We don't all have big gardens to grow produce, so Lynda Hallinan has advice on the kinds of things you can successfully grow on your window sill
Microgreens she says are "fool proof."
"Microgreens are incredibly practical and incredibly easy to grow all you need is a container of some sort, a recycled ice cream container you could use baked bean cans or spaghetti cans or yoghurt containers.
"Anything small enough to contain 5 to 10 cm of soil max, any old potting mix will do, you fill those up and get the microgreen seed and sprinkle it on really thickly, you’re not trying to grow plants here you’re just trying to grow spouts."
Keep it the soil moist, Hallinan says, and you'll have a crop in seven to 14 days.
She suggests baby rocket, coriander, basil, chervil, beetroot, kale mustard and radish make for good microgreens.
"And for something unusual you could try borage.

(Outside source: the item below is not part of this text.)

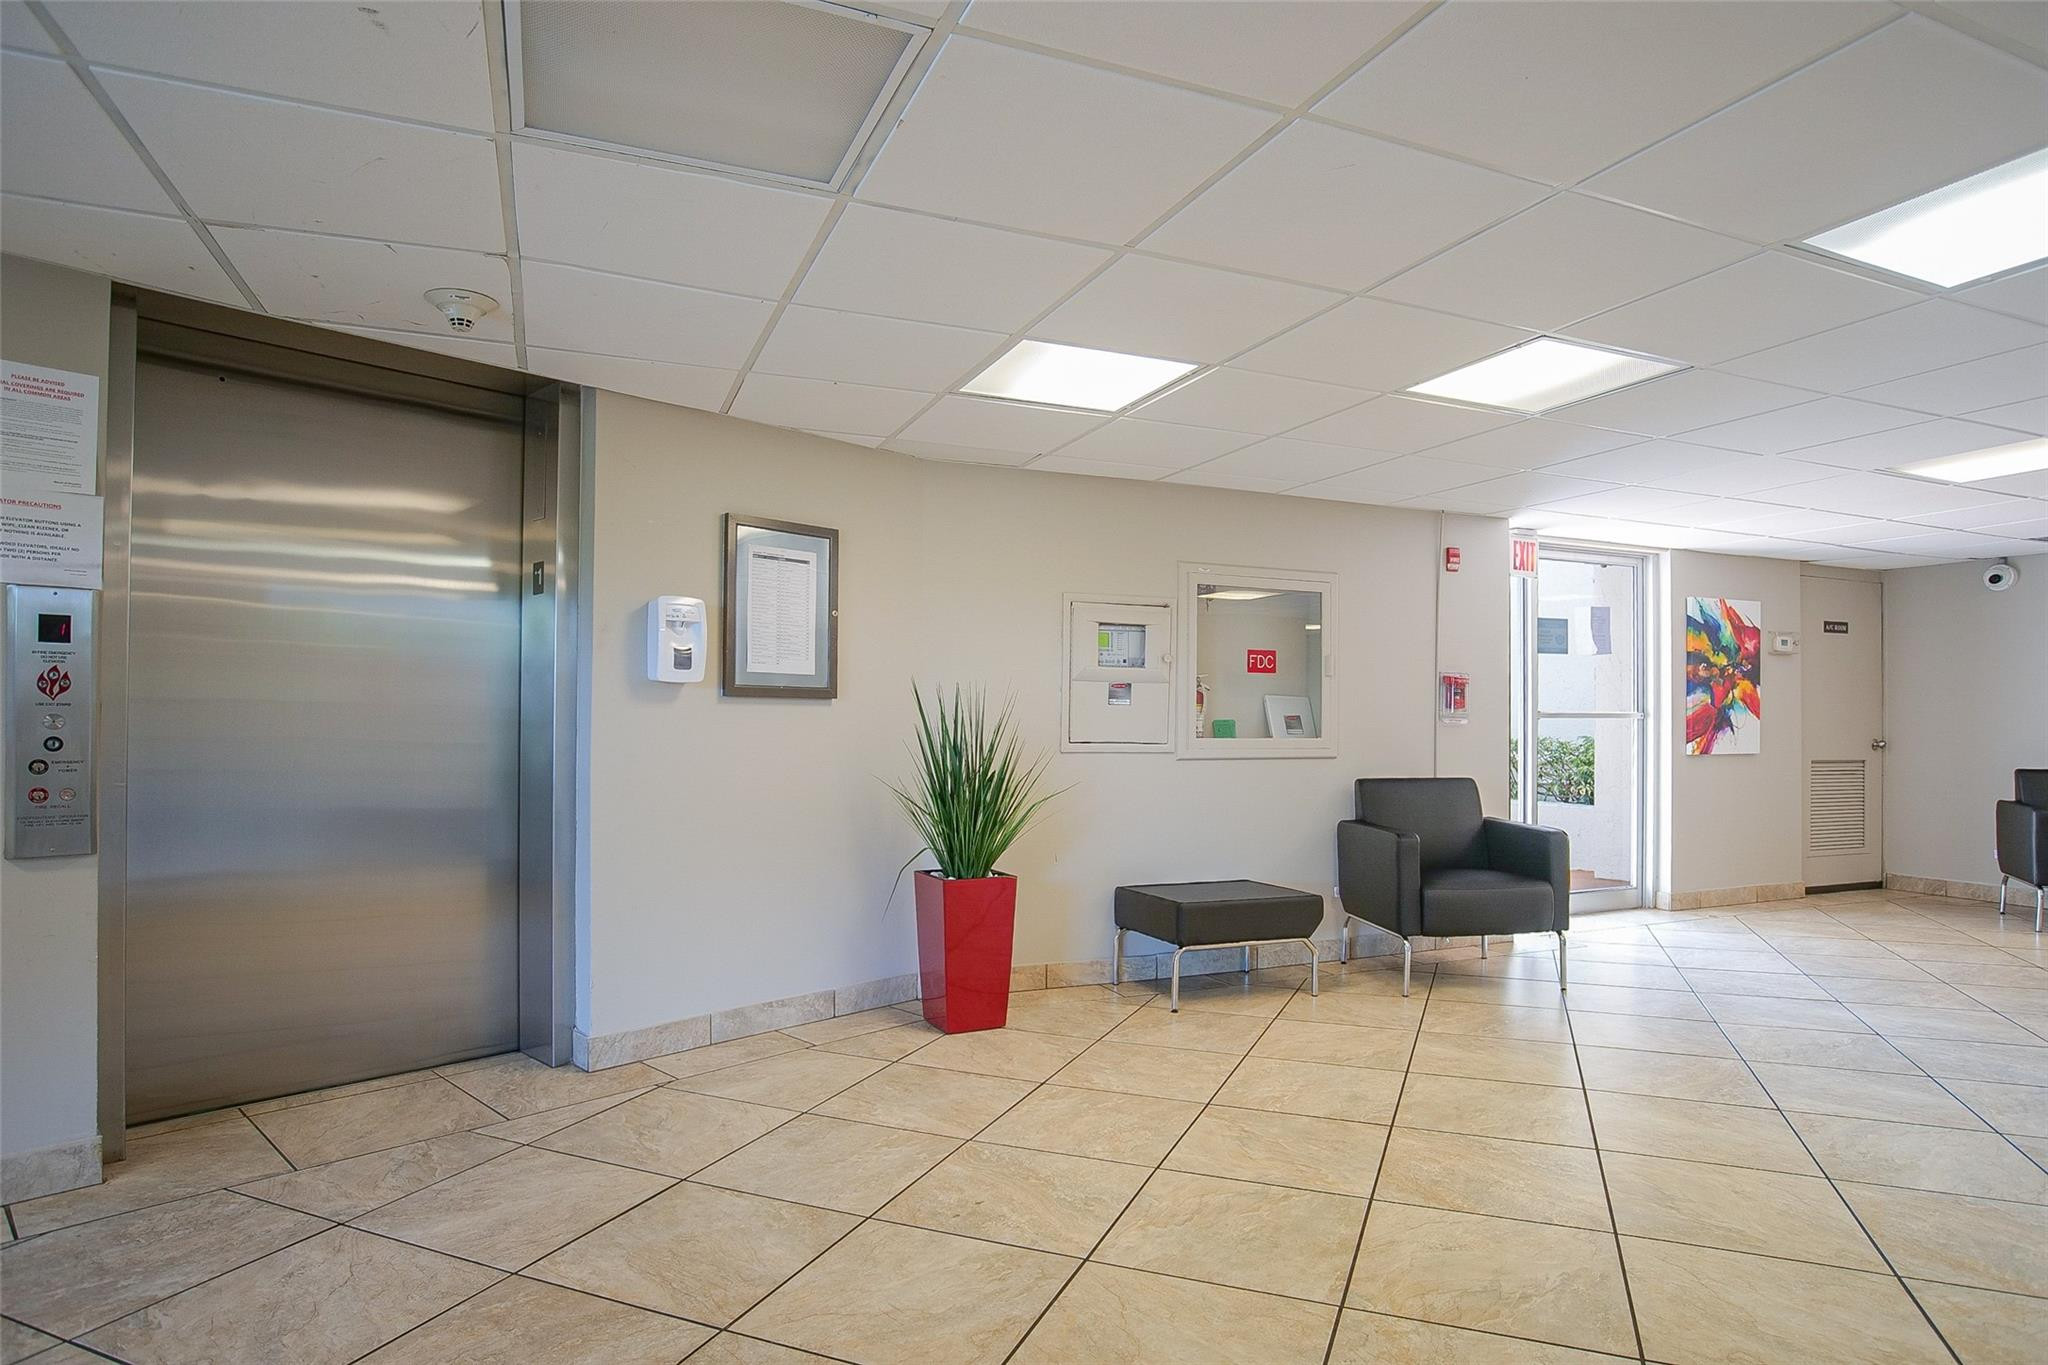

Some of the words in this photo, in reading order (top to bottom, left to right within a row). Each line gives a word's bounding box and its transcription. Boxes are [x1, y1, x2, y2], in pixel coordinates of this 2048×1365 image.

If you grow it as a microgreen the little baby borage plants taste like cucumber and it’s amazing."
Microgreens can be added to anything and they pack a flavour punch, she says.
"It’s amazing how much flavour they add. That’s the beauty of microgreens you get the flavour of an entire coriander plant in a tiny sprout - with radishes you get all the intensity of a radish in a tiny sprout so it can be really peppery."
Most of the well-known seed companies have microgreen seeds in their range and Hallinan says she likes Yates rocket emeralds and gets through a packet a week.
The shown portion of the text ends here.